# Task directions
In your copy, include every record exactly and no pictures.
BEGIN Records to use
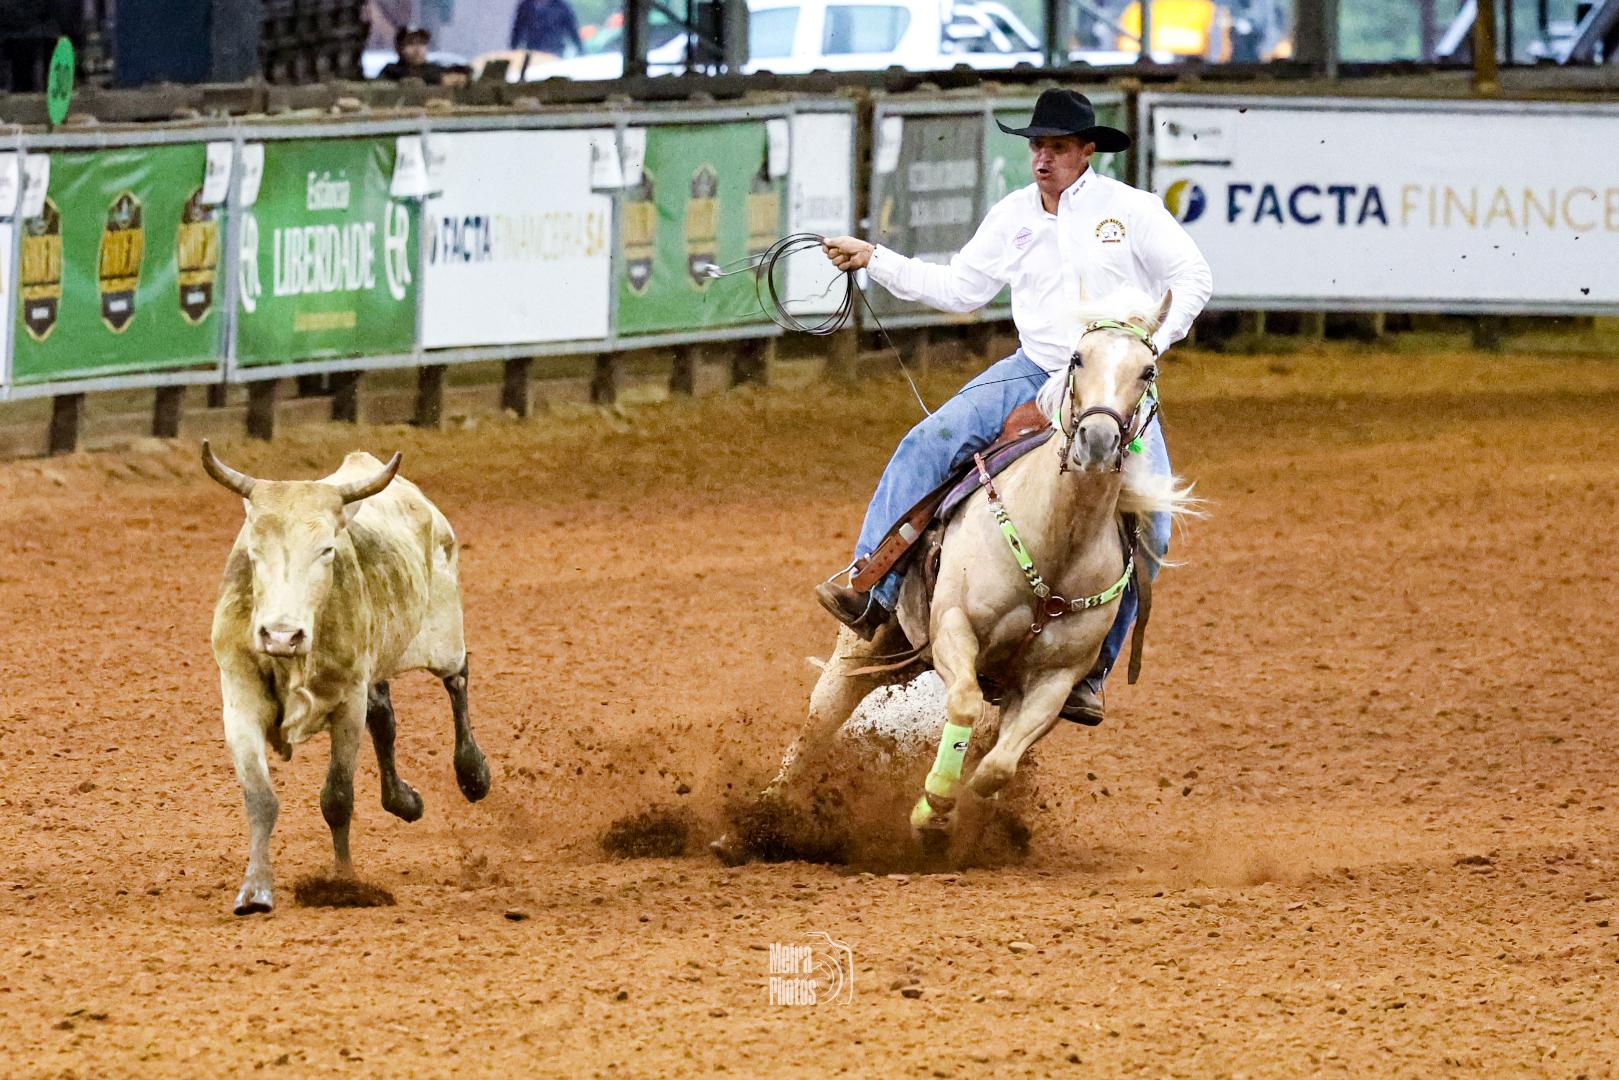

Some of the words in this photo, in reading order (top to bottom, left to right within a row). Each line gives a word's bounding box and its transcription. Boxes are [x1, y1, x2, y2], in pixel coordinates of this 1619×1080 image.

[1227, 184, 1389, 226] FACTA
[273, 221, 376, 297] LIBERDADE
[442, 216, 491, 264] FACTA
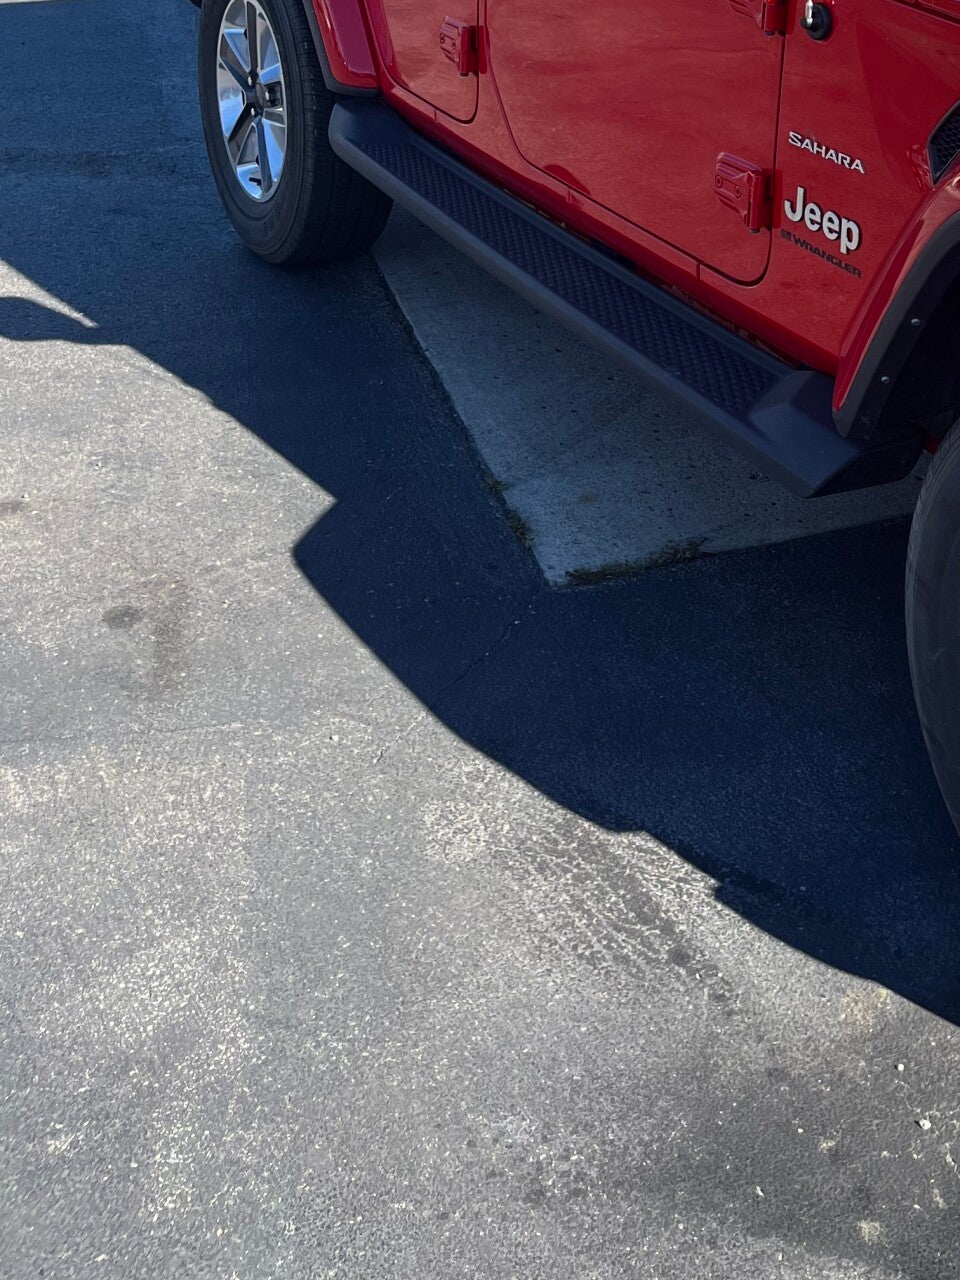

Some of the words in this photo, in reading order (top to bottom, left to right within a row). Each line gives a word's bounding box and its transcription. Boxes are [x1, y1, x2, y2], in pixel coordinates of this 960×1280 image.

[788, 130, 865, 174] SAHARA
[784, 186, 861, 255] Jeep
[793, 235, 862, 278] WRANGLER
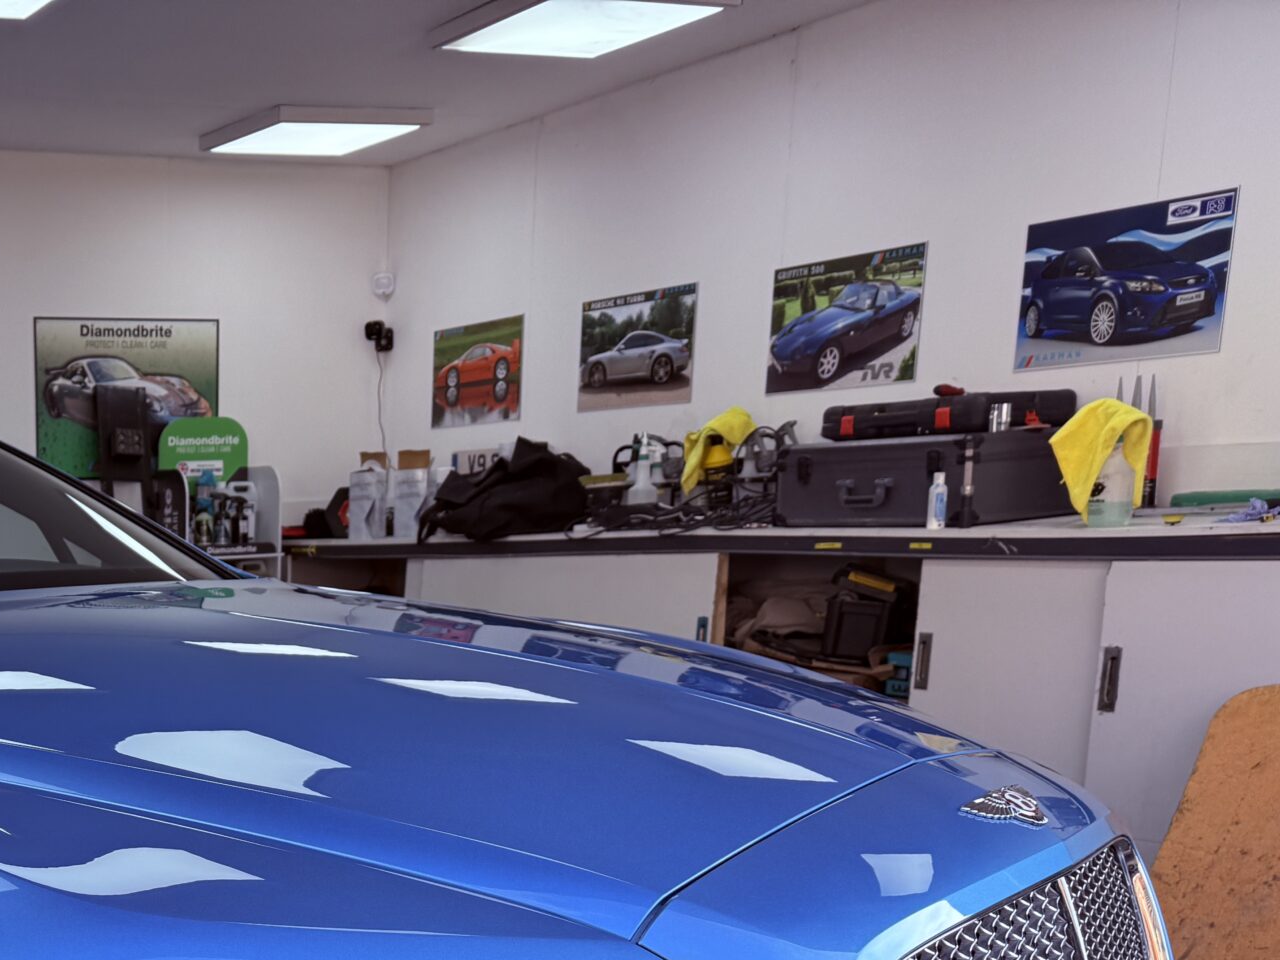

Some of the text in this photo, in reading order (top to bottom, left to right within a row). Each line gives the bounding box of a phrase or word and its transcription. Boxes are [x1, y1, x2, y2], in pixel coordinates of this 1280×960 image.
END Records to use
# Result
Some of the words in this photo, in reading order (top to bottom, left to right within a row). Each line gives a word's bounding box and its transcription. Boxes are [x1, y1, x2, y2], in pixel coordinates of this 1619×1080 image.

[1227, 184, 1389, 226] FACTA
[273, 221, 376, 297] LIBERDADE
[442, 216, 491, 264] FACTA

Some of the words in this photo, in reading order (top to bottom, left to right within a row). Each line gives a word's bounding box and its transcription. Boxes are [x1, y1, x2, y2], in pixel coordinates of this 960×1280 image.

[788, 130, 865, 174] SAHARA
[784, 186, 861, 255] Jeep
[793, 235, 862, 278] WRANGLER

Some of the text in this photo, in reading order (top to bottom, left to right within a row). Each line gives the bounding box of a phrase or word and its transcription. Boxes are [x1, y1, x2, y2], in pixel coordinates of this 1280×960 image.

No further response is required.